If the world does not curb its emissions, it's possible that the planet's temperatures will reach
4 degrees Celsius or beyond. That earth would be a hellish one to live in: a world with large
regions in Africa, Australia, and the United States rendered completely uninhabitable. Death
from overheating will become far more likely, and flooding will become a constant problem
for those living in locations destined to join the ocean floor. Human life will not be wiped out
at 4 degrees Celsius, but the species will suffer tremendously, with many dying from hunger,
drought, disease, or even the polluted air.

Unfortunately, it's too late to prevent some of the devastating consequences of global
warming. The greenhouse effect, aided by humanity's tendency toward complacency, has
ensured that the earth likely will reach at least 2 degrees Celsius above its pre-industrial age
temperature levels before the end of the century. Even if all carbon emissions were halted
immediately, the earth would likely still rise to that temperature.

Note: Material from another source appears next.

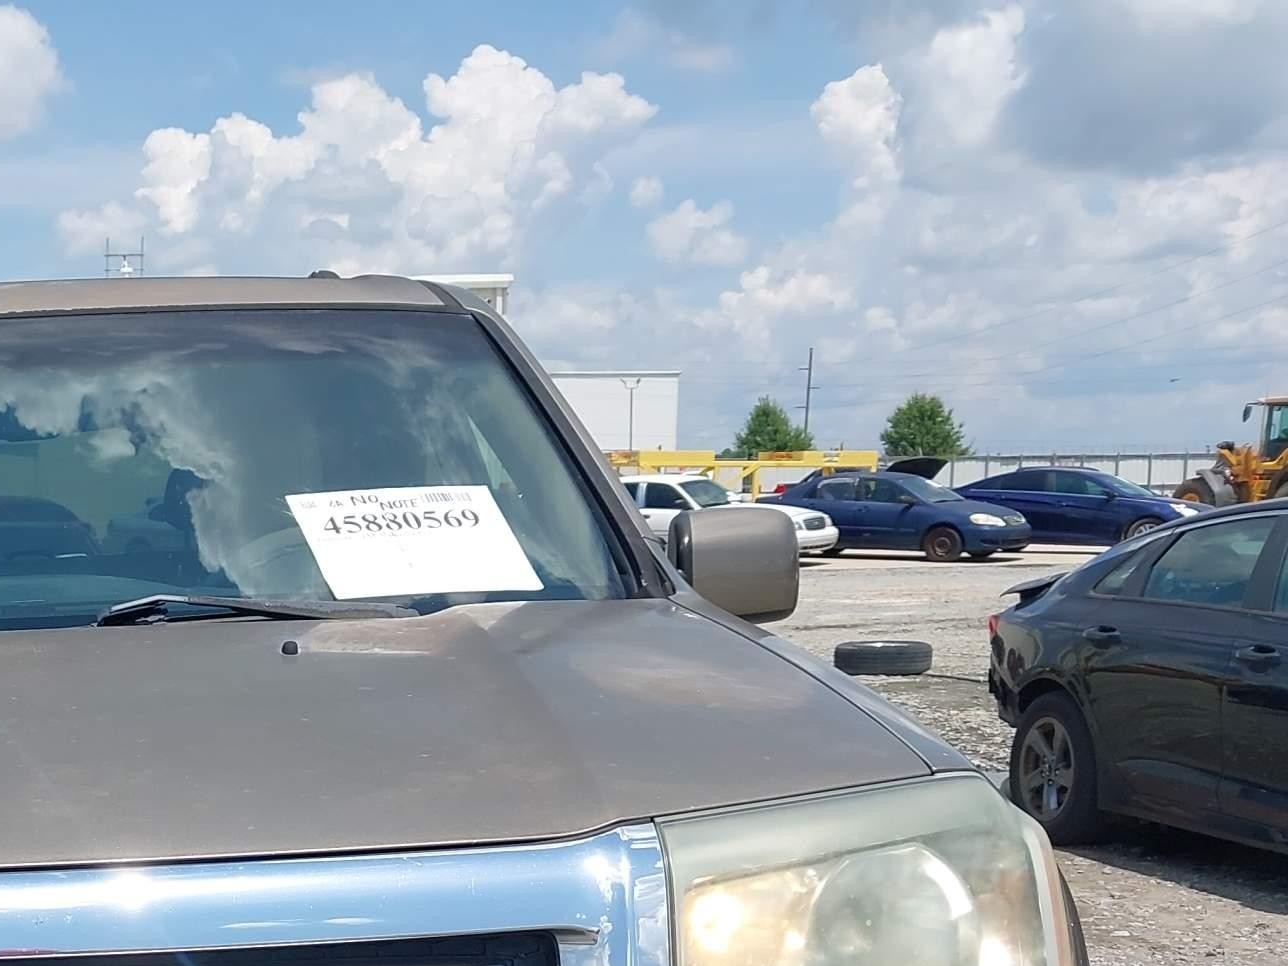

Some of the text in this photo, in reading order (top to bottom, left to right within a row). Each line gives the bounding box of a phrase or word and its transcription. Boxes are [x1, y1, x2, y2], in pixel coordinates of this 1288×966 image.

[350, 494, 379, 506] NO
[379, 498, 419, 511] NOTE
[324, 508, 480, 534] 45880569

However, humanity still has a
responsibility to limit the severity of the crisis in whatever way it can. By working to directly
address climate change, people can ensure that their children and grandchildren inherit a
livable earth, even if that world can never return to its pre-industrialization state.

Key Insight 1

Most of the carbon responsible for global warming has been emitted in the past
century.

It's tempting to believe that the carbon and pollution contributing to climate change
accumulated over multiple decades or centuries. However, more than half of the carbon
contributing to the crisis has been emitted since the late 1980s. Almost all of it was emitted
after the start of World War II. Climate change is a condition that humanity has introduced in
a single lifetime, and humanity may have only one lifetime to prevent its permanent
destruction.

The United States is no longer one of the top carbon emitters on earth, but its cumulative
carbon footprint since 1750 is larger than that of any other industrialized nation. Since the
eighteenth century, the US has emitted nearly 400 billion tons of carbon dioxide, more than
China and India have contributed during that same time period combined. The amount of
CO2 emitted in the US grew substantially during the 1910s, when the country first passed
the United Kingdom as the top cumulative contributor of carbon emissions. Before that, the
UK was the top contender for that title because of the carbon emissions it created during the
expansion of its empire. The status of the US as the top cumulative contributor indicates that
a nation's wealth, not its population, primarily contributes to its carbon emissions. If
population had been the primary factor determining emission rates, then China or India
would have replaced the US in the top slot, just as the US did for Great Britain.